36, 42, 186, 222, 270, 390, 396, 440, 656, 2220, 4140, 5622, 9400, 20214, 94816, 282540, 17578122, 85046840, 125948800, 145805120, 434435360, 11152607958, 11160256626

Offset

1,1

Comments

Fixed points of the transform k -> sigma(k-phi(k)) - k + phi(k).

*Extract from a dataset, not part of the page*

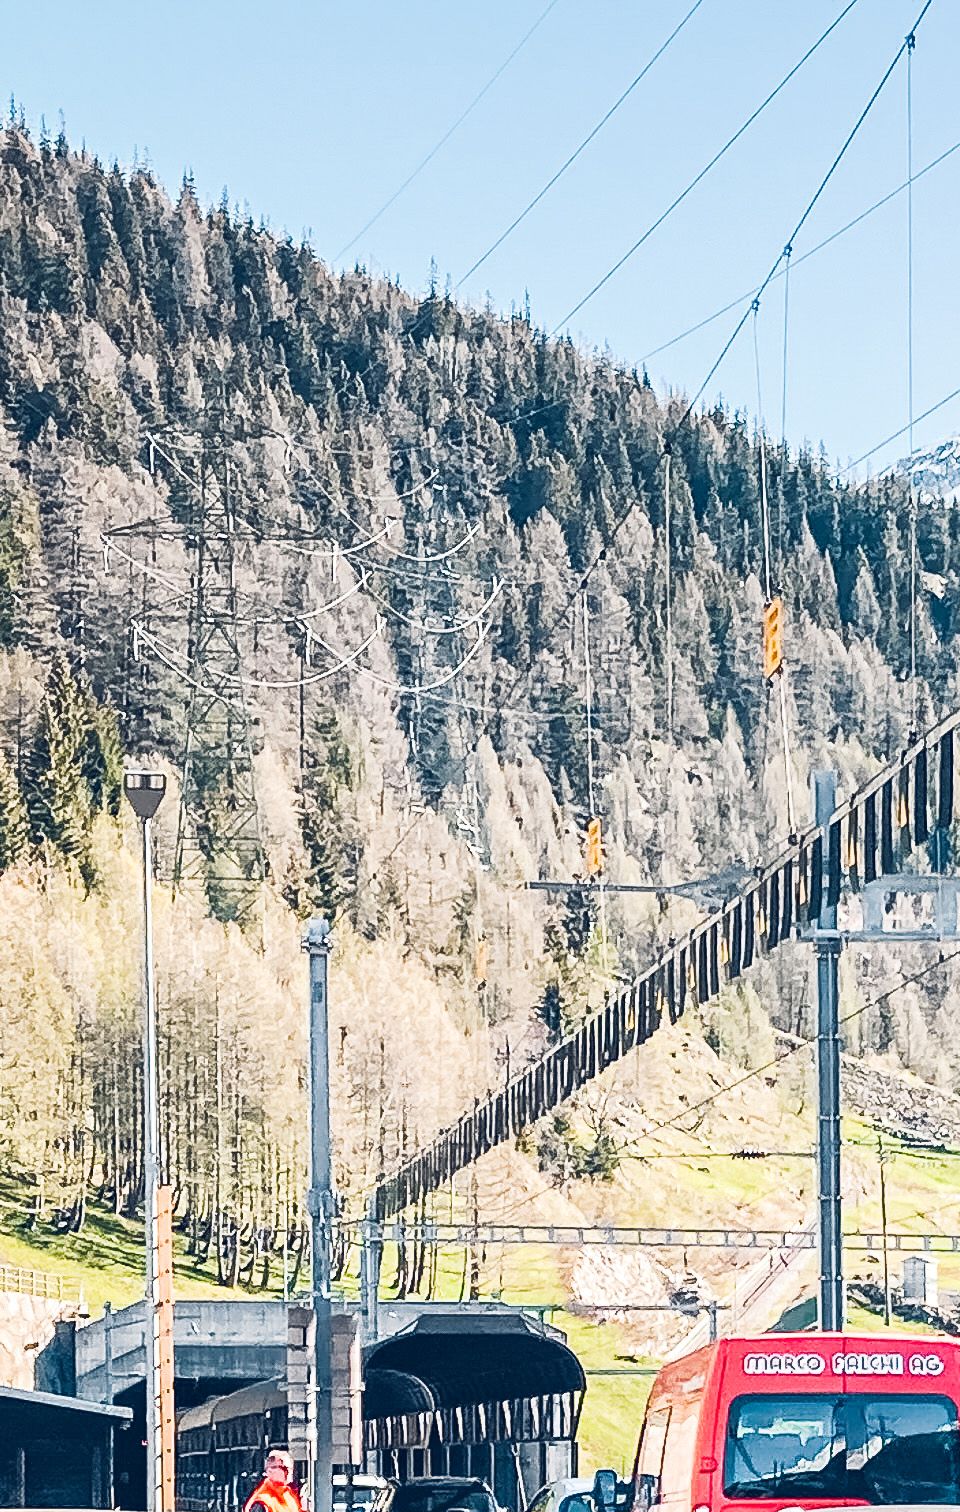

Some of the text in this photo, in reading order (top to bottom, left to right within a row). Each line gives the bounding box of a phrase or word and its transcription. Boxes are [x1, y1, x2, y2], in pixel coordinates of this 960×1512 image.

[745, 1355, 943, 1374] MARCO FALCHI AG

a(24) > 5*10^10, if it exists. - Amiram Eldar, Nov 21 2024

Links

Table of n, a(n) for n=1..23.

Example

phi(222) = 72 and 222 - 72 = 150; sigma(150) = 372 and 372 - 150 = 222.

Maple

with(numtheory); P:=proc(q) local n; k:=0;
for n from 1 to q do if 2*n=sigma(n-phi(n))+phi(n) then print(n);
fi; od; end: P(10^9);

Mathematica

q[k_] := Module[{e = EulerPhi[k]}, DivisorSigma[1, k - e] - k + e == k]; Select[Range[300000], q] (* Amiram Eldar, Nov 21 2024 *)

Prog

(PARI) isok(n) = (x = n - eulerphi(n)) && (n == sigma(x) - x); \\ Michel Marcus, Mar 28 2014

Crossrefs

Cf. A000010, A000203, A239801.

Sequence in context: A162526 A078299 A225028 * A266242 A274241 A062519

Adjacent sequences: A239799 A239800 A239801 * A239803 A239804 A239805

Keyword

nonn,more

Author

Paolo P. Lava, Mar 27 2014

Extensions

a(17)-a(21) from Michel Marcus, Mar 28 2014

a(22)-a(23) from Amiram Eldar, Nov 21 2024

Status

approved